------ Supplied records ------
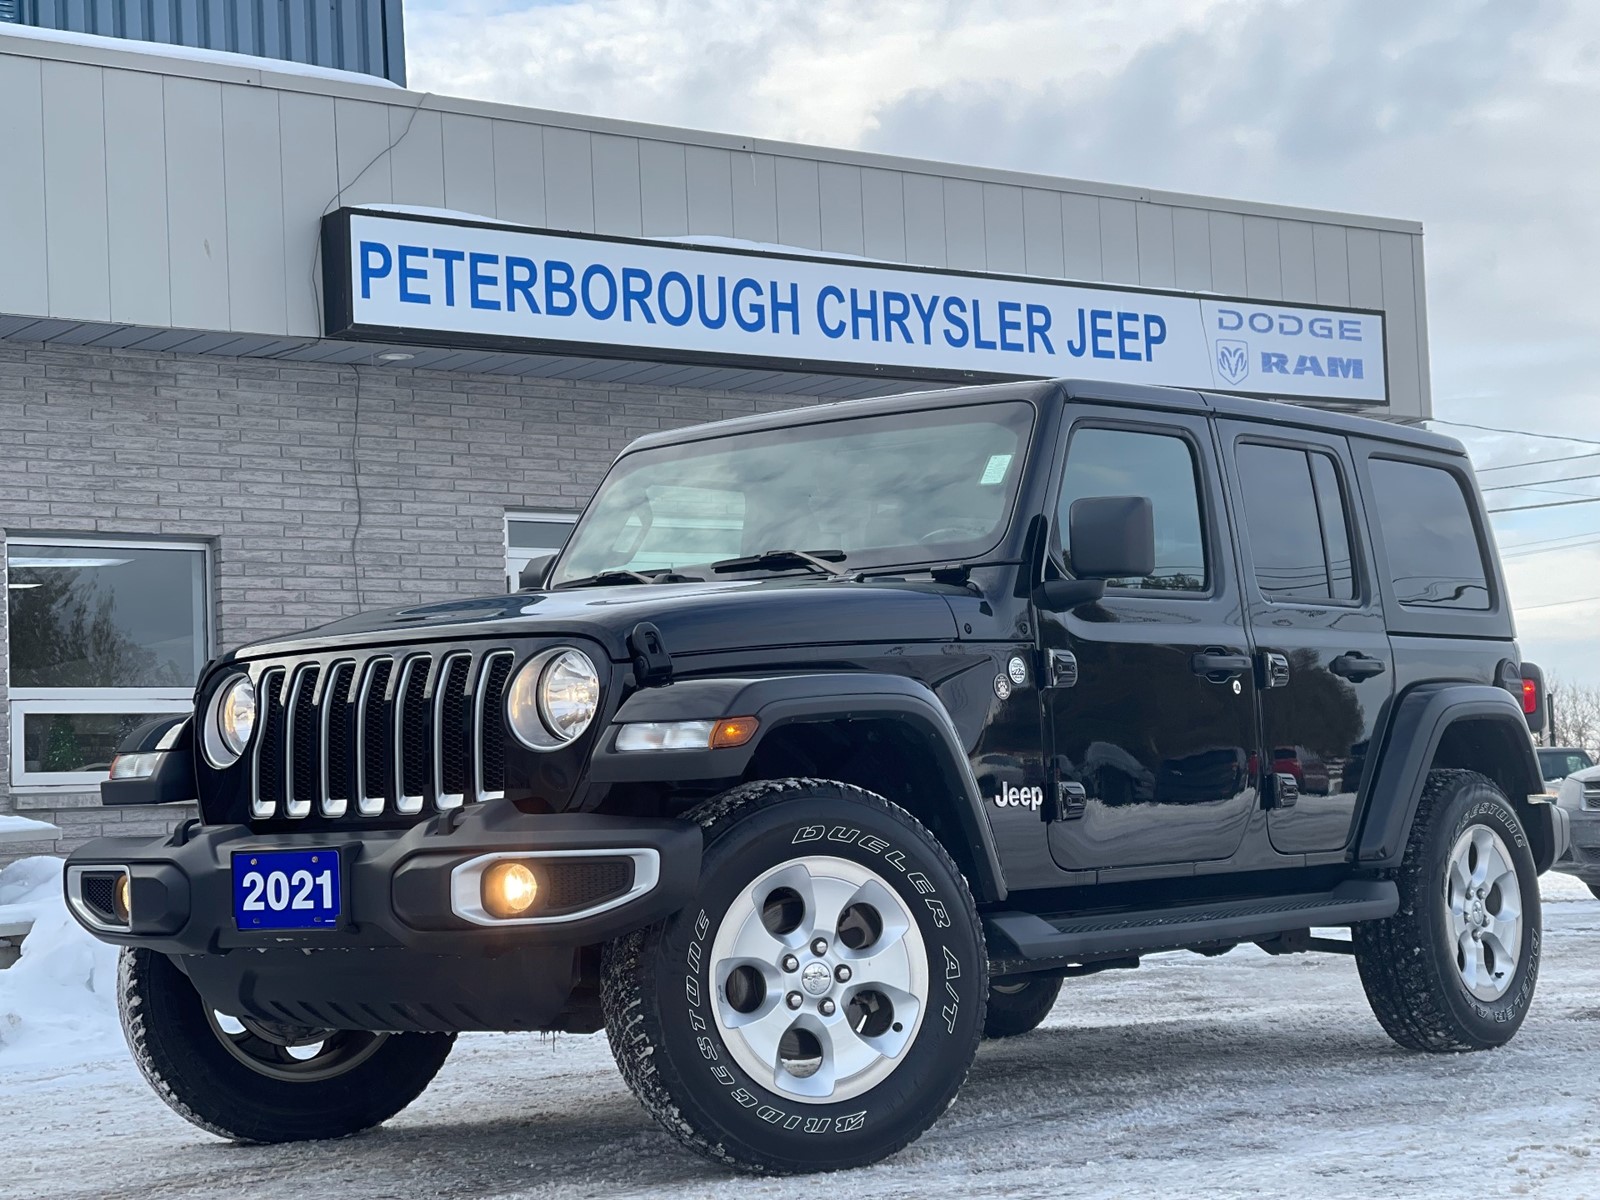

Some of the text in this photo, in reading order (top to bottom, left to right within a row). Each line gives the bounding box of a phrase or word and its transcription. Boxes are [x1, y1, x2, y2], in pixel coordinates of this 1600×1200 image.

[360, 241, 1167, 362] PETERBOROUGH CHRYSLER JEEP
[1218, 309, 1363, 341] DODGE
[1260, 351, 1364, 379] RAM
[995, 781, 1043, 811] Jeep
[242, 869, 333, 911] 2021
[791, 824, 959, 1035] DUELER A/T
[686, 909, 867, 1133] BRIDGESTONE
------
**Work order**
Everything in the listing is to be returned word for word, except the pictures.

**Output**
Some of the text in this photo, in reading order (top to bottom, left to right within a row). Each line gives the bounding box of a phrase or word and its transcription. Boxes are [x1, y1, x2, y2], in pixel coordinates of this 1600×1200 image.

[360, 241, 1167, 362] PETERBOROUGH CHRYSLER JEEP
[1218, 309, 1363, 341] DODGE
[1260, 351, 1364, 379] RAM
[995, 781, 1043, 811] Jeep
[242, 869, 333, 911] 2021
[791, 824, 959, 1035] DUELER A/T
[686, 909, 867, 1133] BRIDGESTONE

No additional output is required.